You are likely to have times when you feel low. This could be when you are very tired or the person you are caring for is unwell. These low moods may not last long. Most people find they have good and bad days.
Caring may sometimes be so demanding that you become depressed. Symptoms of depression can include:
- feeling sad or numb for weeks or more
- finding it hard to enjoy things you would usually enjoy
- sleeping problems and changes in eating habits
- having no motivation, or finding it hard to concentrate or make decisions.
If you think you may be depressed, talk to your GP. There are effective treatments and support that can help you.
It is normal to feel angry if someone close to you has cancer. You may also feel angry because you do not have time to do things you enjoy.

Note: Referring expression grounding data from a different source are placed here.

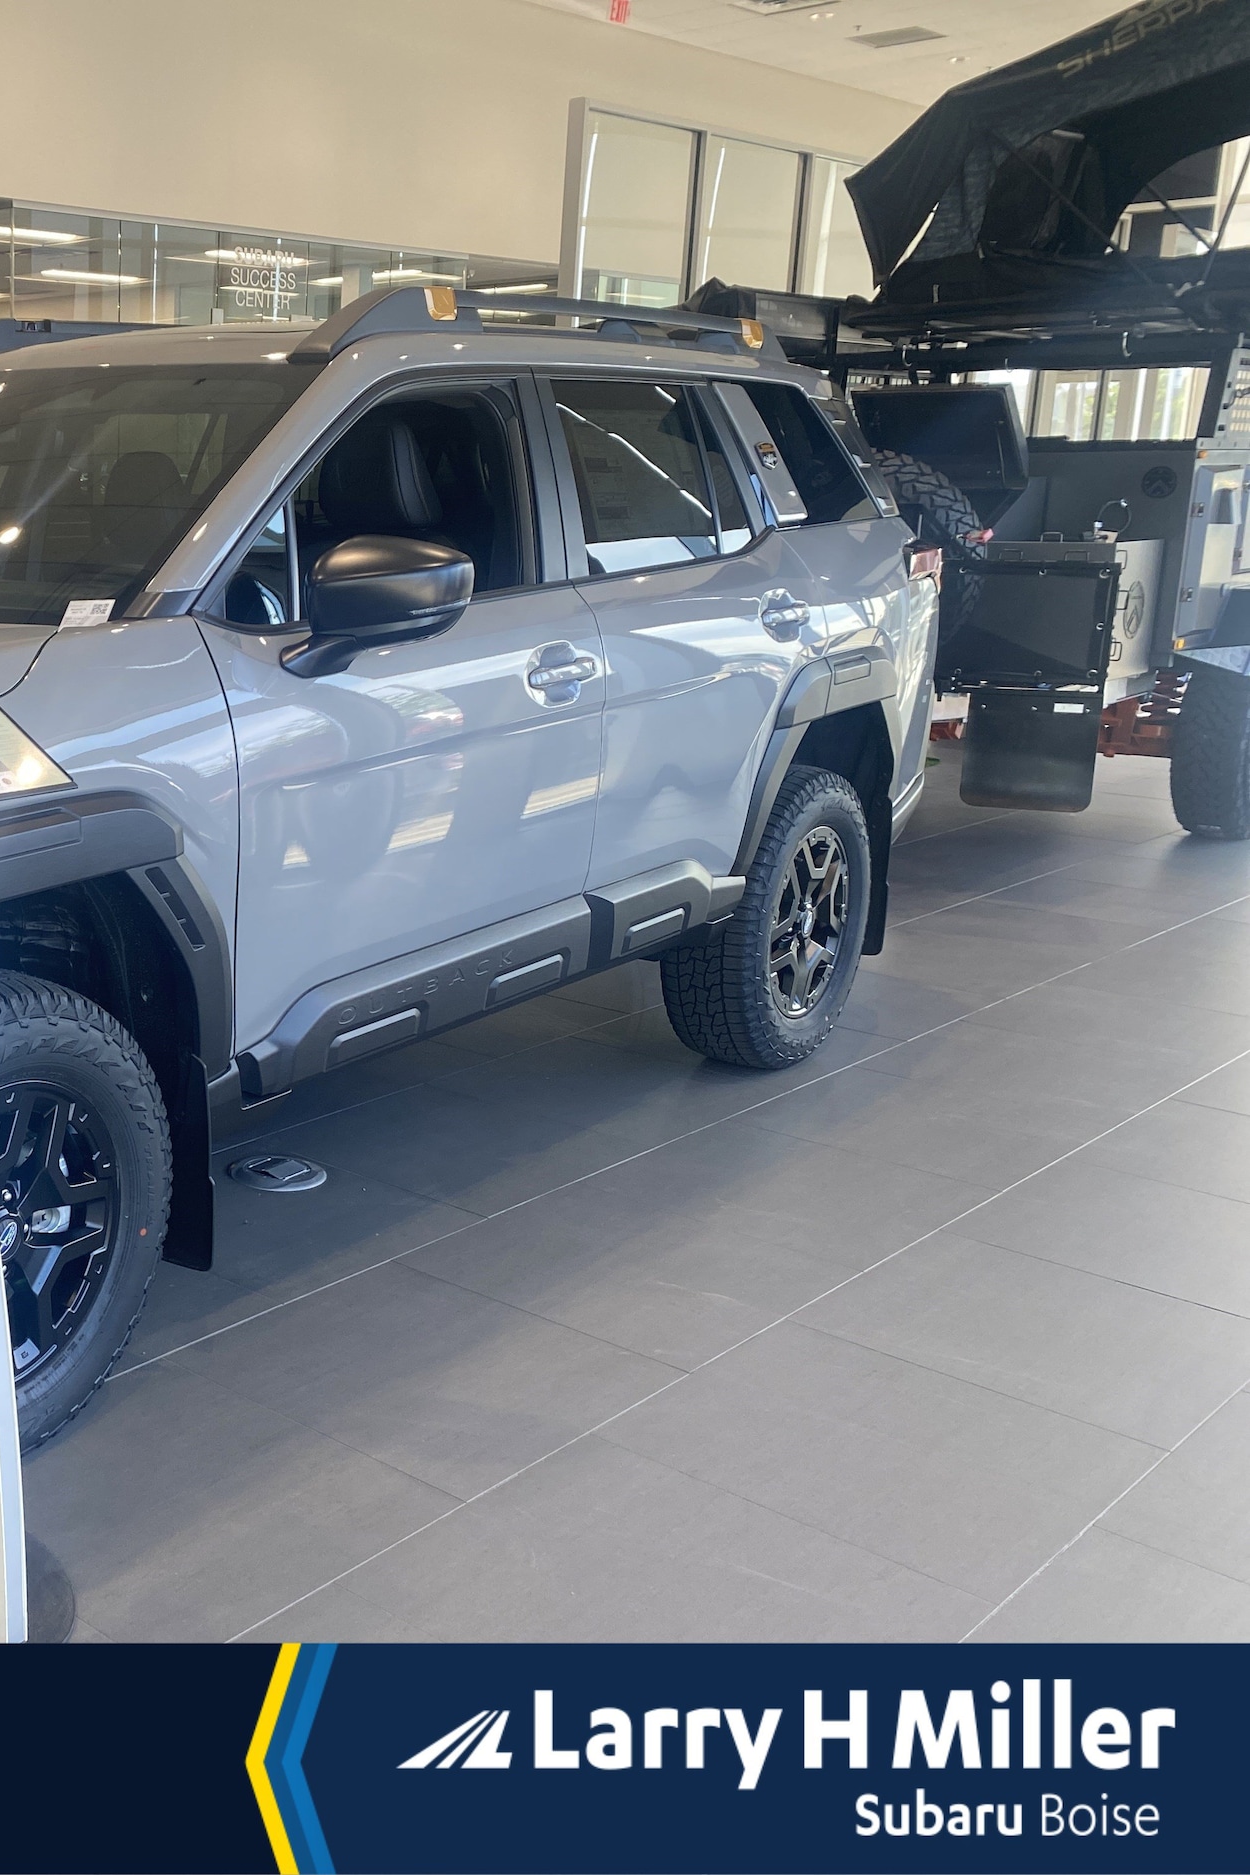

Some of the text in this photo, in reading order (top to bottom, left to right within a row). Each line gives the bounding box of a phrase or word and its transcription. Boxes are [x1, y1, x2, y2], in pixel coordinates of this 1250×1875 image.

[234, 246, 295, 268] SUBARU
[231, 267, 296, 289] SUCCESS
[338, 949, 514, 1026] OUTBACK
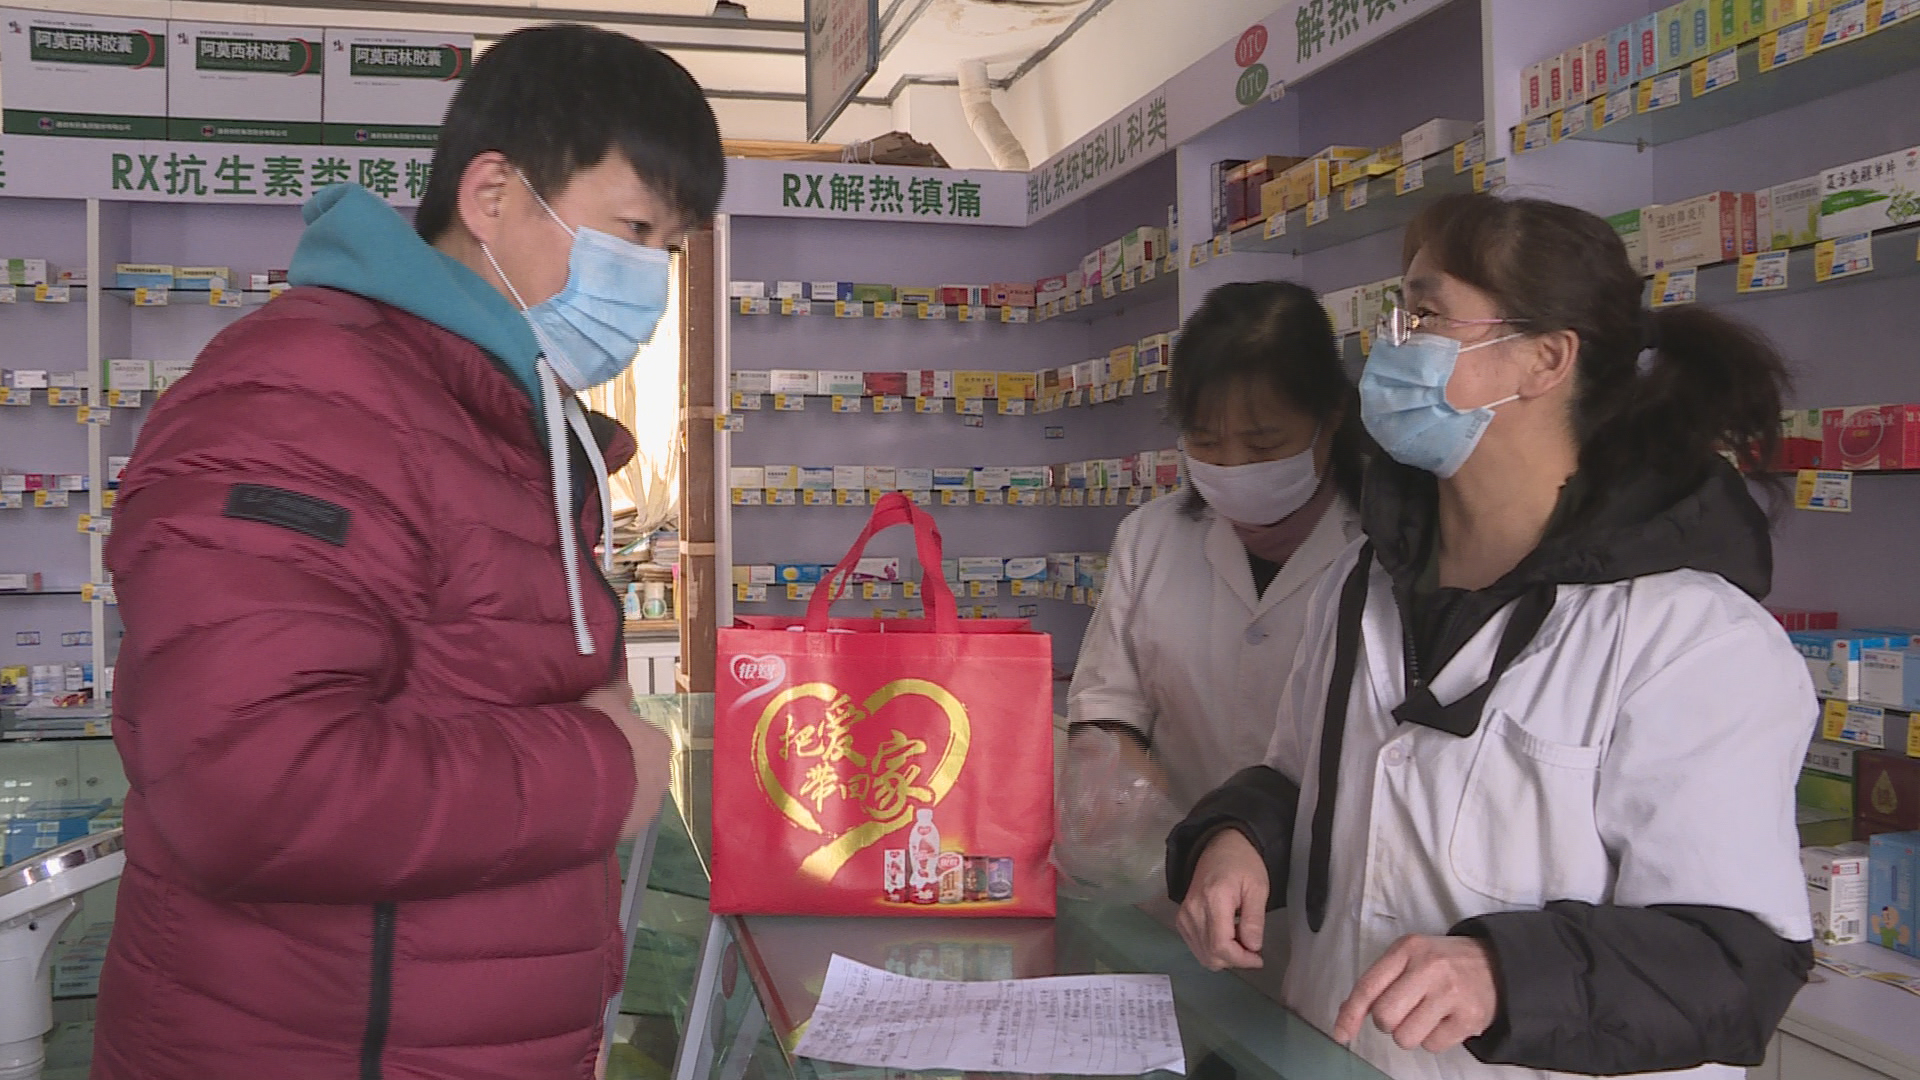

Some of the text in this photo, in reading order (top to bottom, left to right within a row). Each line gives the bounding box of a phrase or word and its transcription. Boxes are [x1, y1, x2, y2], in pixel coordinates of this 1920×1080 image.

[35, 30, 133, 54] 阿莫西林胶囊
[200, 40, 291, 61] 阿莫西林胶囊
[355, 47, 443, 67] 阿莫西林胶囊
[1239, 30, 1262, 62] OTC
[1239, 69, 1262, 100] OTC
[1028, 96, 1167, 214] 消化系统妇科儿科类
[783, 172, 982, 218] RX解热镇痛
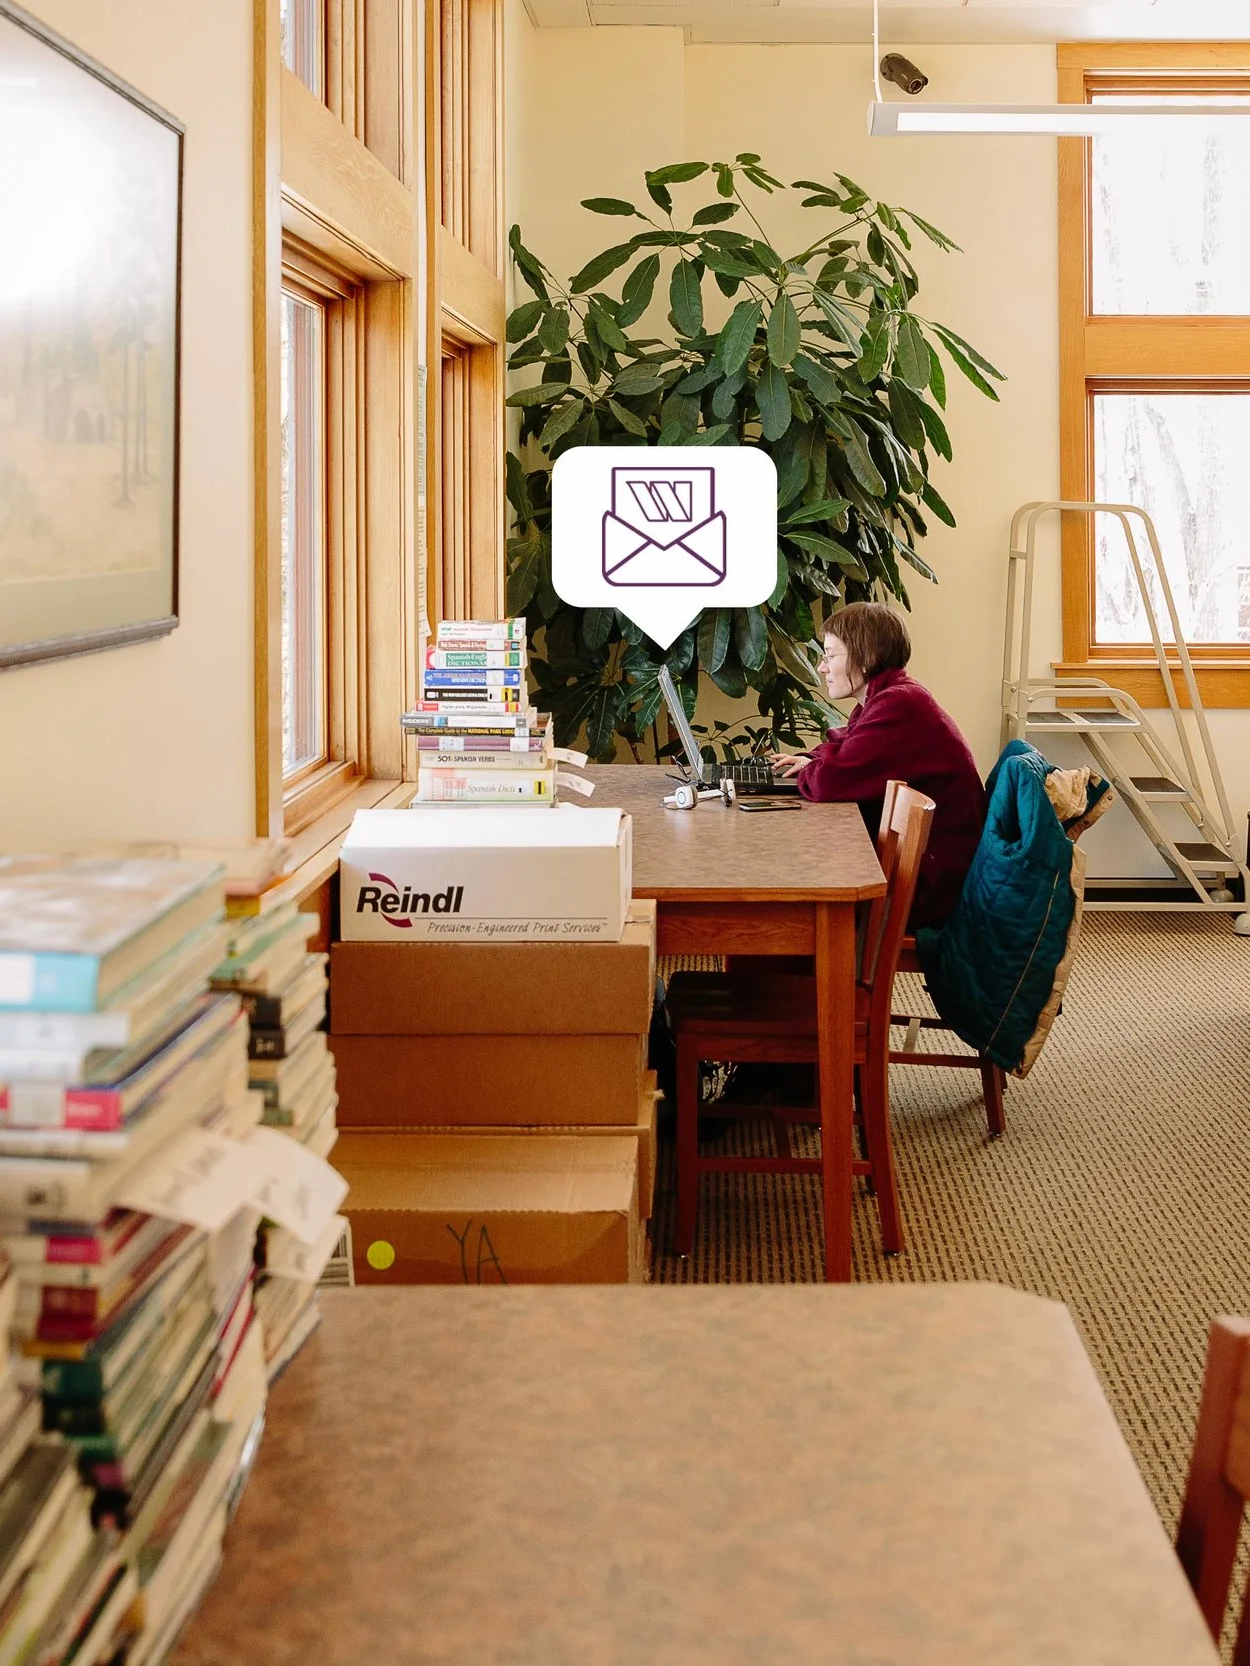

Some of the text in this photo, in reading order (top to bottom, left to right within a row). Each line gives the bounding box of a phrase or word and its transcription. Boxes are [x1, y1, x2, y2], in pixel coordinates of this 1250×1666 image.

[467, 785, 496, 793] Spanish
[356, 886, 464, 913] Reindl
[427, 921, 529, 936] Precision-Engineered
[533, 922, 559, 933] Print
[447, 1218, 508, 1285] YA

You may feel your life has been put on hold. Sometimes you may feel resentful that other people cannot give you the help or support you need.
The person you are caring for may not seem to appreciate what you do for them. Or they may be angry and upset with the situation and direct these feelings towards you. If this happens, talking about it openly when you are both less tired may help stop things getting worse.
It is important to understand that feeling angry is normal. Look out for the warning signs. There are some things you can do to help deal with your anger:
- Take some deep breaths, and think about what has caused it.
- Go for a brisk walk – exercise can help with anger.
- Talk about it with a family member, friend, or another carer.
- Think about what happened and how you could act differently.
- Write about your anger – this can help release it.
It is not unusual to feel lonely or isolated. You may feel you do not have enough time to see friends, or friends may think you are too busy to meet. Try to see other people, even if it is just once or twice a week. Accept offers of help to give yourself breaks. Keeping in touch with friends through regular phone calls or social media can help.
If you do not have anyone to talk to, contact a local or online support group.
You may feel guilty because you would like to have a break. You may feel that you are not a good enough carer. When people feel guilty, they try to hide their feelings and worries more. This can make it difficult for people to understand what you are going through. So it is important to talk to people close to you about how you feel.
The person you are caring for may also feel guilty about how their illness is affecting you and others.